I'm working with some tools, and the only way it can determine if a particular transaction is successful is if it passes various checks. However, it is limited in the way that it can only do one check at a time, and it must be sequential. Everything must be computed from left to right.
For example,
A || C && D
It will be computed with A || C first, and then the result will be AND'ed with D.
It gets tougher with parenthesis. I am unable to compute an expression like this, since B || C would need to be compututed first.
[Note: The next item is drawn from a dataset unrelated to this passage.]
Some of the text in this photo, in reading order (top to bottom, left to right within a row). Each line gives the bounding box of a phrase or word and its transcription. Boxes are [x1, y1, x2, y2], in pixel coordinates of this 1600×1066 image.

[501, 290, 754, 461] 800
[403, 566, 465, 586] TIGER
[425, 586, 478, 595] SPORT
I cannot work with any order of operations;
A && ( B || C)
I think I've worked this down to this sequential boolean expression,
C || B && A
Where C || B is computed first, then that result is AND'd with A
Can all boolean expressions be successfully worked into a sequential boolean expression? (Like the example I have)
The answer is no:
Consider A || B && C || D which has the truth table:
A | B | C | D |
0 | 0 | 0 | 0 | 0
0 | 0 | 0 | 1 | 0
0 | 0 | 1 | 0 | 0
0 | 0 | 1 | 1 | 0
0 | 1 | 0 | 0 | 0
0 | 1 | 0 | 1 | 1
0 | 1 | 1 | 0 | 1
0 | 1 | 1 | 1 | 1
1 | 0 | 0 | 0 | 0
1 | 0 | 0 | 1 | 1
1 | 0 | 1 | 0 | 1
1 | 0 | 1 | 1 | 1
1 | 1 | 0 | 0 | 0
1 | 1 | 0 | 1 | 1
1 | 1 | 1 | 0 | 1
1 | 1 | 1 | 1 | 1
If it were possible to evaluate sequentially there would have to be a last expression which would be one of two cases:
Case 1:
X || Y such that Y is one of A,B,C,D and X is any sequential boolean expression.
Now, since there is no variable in A,B,C,D where the entire expression is true whenever that variable is true, none of:
X || A
X || B
X || C
X || D
can possibly be the last operation in the expression (for any X).
Case 2:
X && Y: such that Y is one of A,B,C,D and X is any sequential boolean expression.
Now, since there is no variable in A,B,C,D where the entire expression is false whenever that variable is false, none of:
X && A
X && B
X && C
X && D
can possibly be the last operation in the expression (for any X).
Therefore you cannot write (A || B) && (C || D) in this way.
The reason you are able to do this for some expressions, like: A && ( B || C) becoming C || B && A is because that expression can be built recursively out of expressions which have one of the two properties above:
IE.
The truth table for A && ( B || C) is:
A | B | C |
0 | 0 | 0 | 0
0 | 0 | 1 | 0
0 | 1 | 0 | 0
0 | 1 | 1 | 0
1 | 0 | 0 | 0
1 | 0 | 1 | 1
1 | 1 | 0 | 1
1 | 1 | 1 | 1
Which we can quickly see has the property that it is false whenever A is 0. So Our expression Could be X && A.
Then we take A out of the truth table and look at only the rows where A is 1 is the original:
B | C
0 | 0 | 0
0 | 1 | 1
1 | 0 | 1
1 | 1 | 1
Which has the property that it is True whenever B is 1 (or C, we can pick here). So we can write the expression as
X || B and the entire expression becomes X || B && A
Then we reduce the table again to the portion where B was 0 and we get:
C
0 | 0
1 | 1
X is just C. So the final expression is C || B && A
This is a problem of rewriting an expression so that no parentheses occur on the right. Logical AND (∧) and OR (∨) are both commutative:
A ∧ B = B ∧ A
A ∨ B = B ∨ A
So you can rewrite any expression of the form “X a (Y)” as “(Y) a X”:
A ∧ (B ∧ C) = (A ∧ B) ∧ C
A ∧ (B ∨ C) = (B ∨ C) ∧ A
A ∨ (B ∧ C) = (B ∧ C) ∨ A
A ∨ (B ∨ C) = (B ∨ C) ∨ A
They are also distributive, by the following laws:
(A ∧ B) ∨ (A ∧ C)
= A ∧ (B ∨ C)
= (B ∨ C) ∧ A
(A ∨ B) ∧ (A ∨ C)
= A ∨ (B ∧ C)
= (B ∧ C) ∨ A
So many Boolean expressions can be rewritten without parentheses on the right. But, as a counter­example, there is no way to rewrite an expression such as (A ∧ B) ∨ (C ∧ D) if A ≠ C, because of the lack of common factors.
Can't you just do this:
(( A || C ) && D)
and for your second example:
((( A && C ) || B ) && A )
Would that work for you?
Hope that helps...
You'll hit problems if you need to do something like (A || B) && (C || D) unless you can store the intermediate values for later use.
If you're allowed to construct more than one chain and try them all until either one of them passes or they all fail (so each chain is effectively ORed with the next) then I should think you can handle any combination. The example above would become (where each line is a separate query):
(A && C) ||
(A && D) ||
(B && C) ||
(B && D)
However, for a very complex check this could easily get out of hand!